Work instructions: Set down every entry word for word. Omit the pictures.

Exercise material:
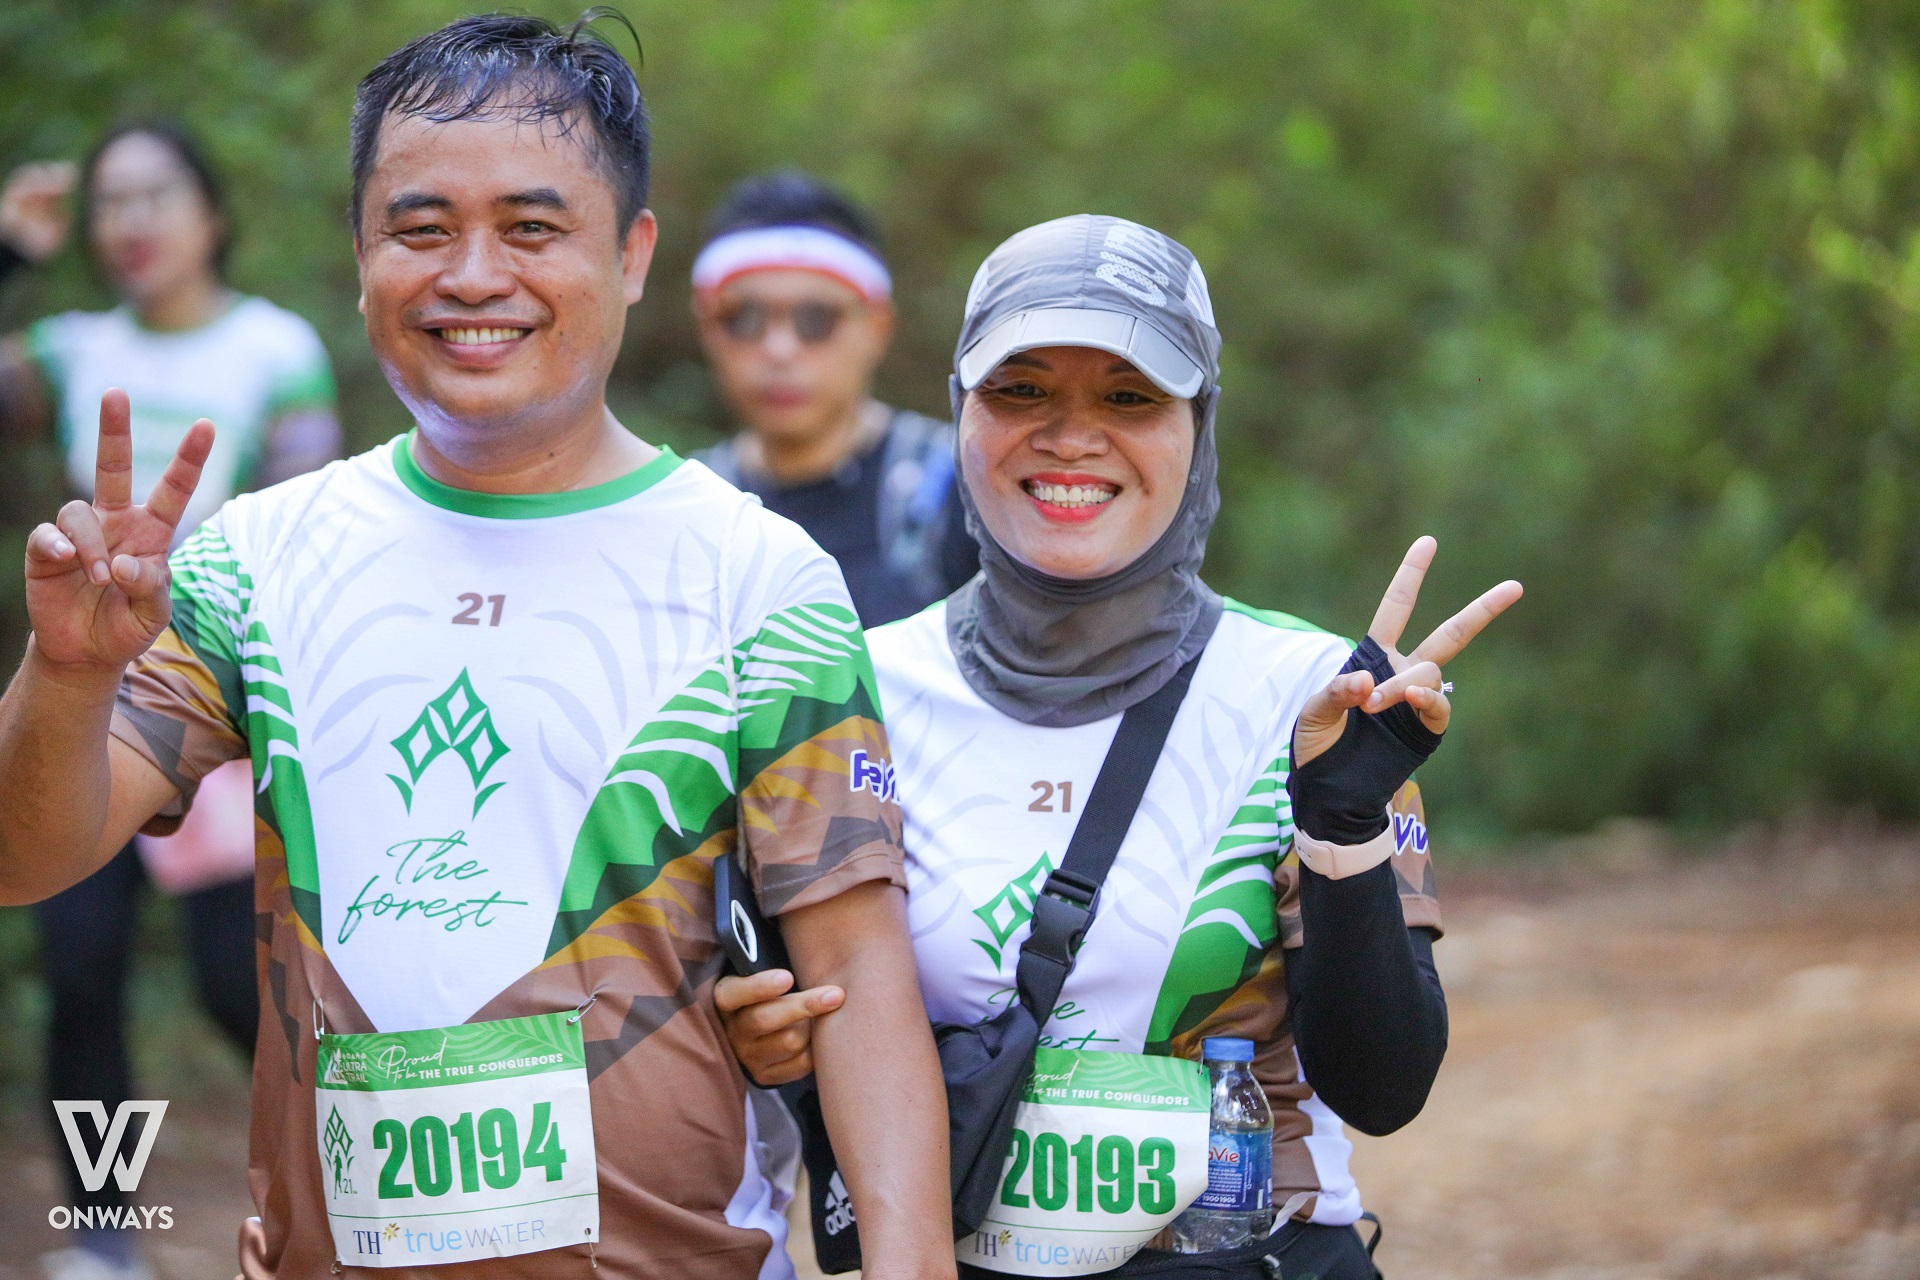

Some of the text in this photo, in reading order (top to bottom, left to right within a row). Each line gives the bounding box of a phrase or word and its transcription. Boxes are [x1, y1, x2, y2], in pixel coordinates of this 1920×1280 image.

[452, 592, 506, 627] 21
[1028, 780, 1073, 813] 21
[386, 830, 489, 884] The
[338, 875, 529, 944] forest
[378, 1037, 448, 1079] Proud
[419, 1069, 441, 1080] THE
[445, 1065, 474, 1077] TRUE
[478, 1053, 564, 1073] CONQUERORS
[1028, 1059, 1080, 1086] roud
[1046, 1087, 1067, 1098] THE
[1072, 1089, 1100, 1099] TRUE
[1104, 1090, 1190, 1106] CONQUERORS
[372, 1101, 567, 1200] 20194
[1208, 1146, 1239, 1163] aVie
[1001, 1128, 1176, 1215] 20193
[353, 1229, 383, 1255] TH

Result:
Some of the text in this photo, in reading order (top to bottom, left to right within a row). Each line gives the bounding box of a phrase or word and its transcription. Boxes are [x1, y1, x2, y2], in pixel coordinates of this 1920×1280 image.

[452, 592, 506, 627] 21
[1028, 780, 1073, 813] 21
[386, 830, 489, 884] The
[338, 875, 529, 944] forest
[378, 1037, 448, 1079] Proud
[419, 1069, 441, 1080] THE
[445, 1065, 474, 1077] TRUE
[478, 1053, 564, 1073] CONQUERORS
[1028, 1059, 1080, 1086] roud
[1046, 1087, 1067, 1098] THE
[1072, 1089, 1100, 1099] TRUE
[1104, 1090, 1190, 1106] CONQUERORS
[372, 1101, 567, 1200] 20194
[1208, 1146, 1239, 1163] aVie
[1001, 1128, 1176, 1215] 20193
[353, 1229, 383, 1255] TH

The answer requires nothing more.